Task details
Every entry below should appear in the answer exactly as written, apart from the pictures.

START Information

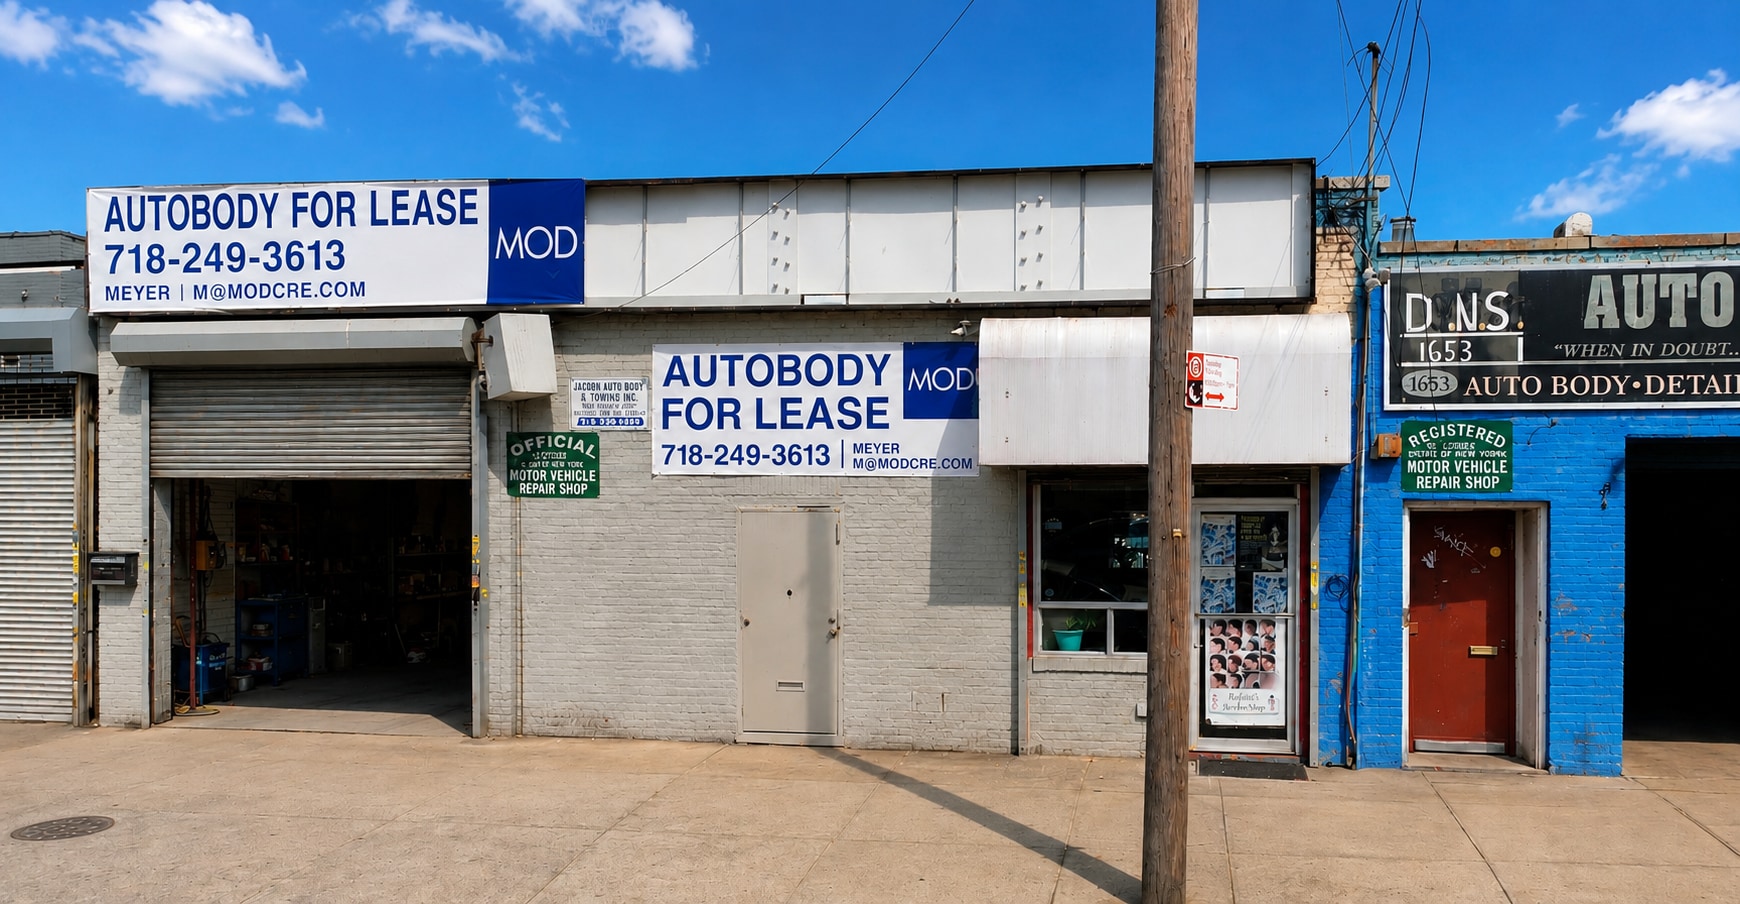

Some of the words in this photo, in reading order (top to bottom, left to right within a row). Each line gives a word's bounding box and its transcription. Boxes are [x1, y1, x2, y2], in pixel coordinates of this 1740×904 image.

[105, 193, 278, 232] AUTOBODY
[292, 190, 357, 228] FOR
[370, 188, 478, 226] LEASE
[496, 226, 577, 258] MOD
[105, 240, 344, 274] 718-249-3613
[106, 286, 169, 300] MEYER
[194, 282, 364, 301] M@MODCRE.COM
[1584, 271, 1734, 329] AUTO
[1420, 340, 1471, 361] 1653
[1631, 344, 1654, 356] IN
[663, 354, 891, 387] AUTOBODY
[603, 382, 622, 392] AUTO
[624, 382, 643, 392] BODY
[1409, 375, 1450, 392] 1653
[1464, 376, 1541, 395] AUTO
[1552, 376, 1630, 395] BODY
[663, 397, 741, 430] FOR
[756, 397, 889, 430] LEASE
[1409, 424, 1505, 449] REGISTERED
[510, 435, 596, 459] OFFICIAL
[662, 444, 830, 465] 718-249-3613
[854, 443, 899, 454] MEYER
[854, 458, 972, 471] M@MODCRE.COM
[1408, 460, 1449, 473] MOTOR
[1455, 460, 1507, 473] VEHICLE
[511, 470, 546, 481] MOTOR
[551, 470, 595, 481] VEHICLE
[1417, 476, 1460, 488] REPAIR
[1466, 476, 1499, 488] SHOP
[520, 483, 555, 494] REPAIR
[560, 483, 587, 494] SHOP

END Information

Problem solution
Some of the words in this photo, in reading order (top to bottom, left to right within a row). Each line gives a word's bounding box and its transcription. Boxes are [x1, y1, x2, y2], in pixel coordinates of this 1740×904 image.

[105, 193, 278, 232] AUTOBODY
[292, 190, 357, 228] FOR
[370, 188, 478, 226] LEASE
[496, 226, 577, 258] MOD
[105, 240, 344, 274] 718-249-3613
[106, 286, 169, 300] MEYER
[194, 282, 364, 301] M@MODCRE.COM
[1584, 271, 1734, 329] AUTO
[1420, 340, 1471, 361] 1653
[1631, 344, 1654, 356] IN
[663, 354, 891, 387] AUTOBODY
[603, 382, 622, 392] AUTO
[624, 382, 643, 392] BODY
[1409, 375, 1450, 392] 1653
[1464, 376, 1541, 395] AUTO
[1552, 376, 1630, 395] BODY
[663, 397, 741, 430] FOR
[756, 397, 889, 430] LEASE
[1409, 424, 1505, 449] REGISTERED
[510, 435, 596, 459] OFFICIAL
[662, 444, 830, 465] 718-249-3613
[854, 443, 899, 454] MEYER
[854, 458, 972, 471] M@MODCRE.COM
[1408, 460, 1449, 473] MOTOR
[1455, 460, 1507, 473] VEHICLE
[511, 470, 546, 481] MOTOR
[551, 470, 595, 481] VEHICLE
[1417, 476, 1460, 488] REPAIR
[1466, 476, 1499, 488] SHOP
[520, 483, 555, 494] REPAIR
[560, 483, 587, 494] SHOP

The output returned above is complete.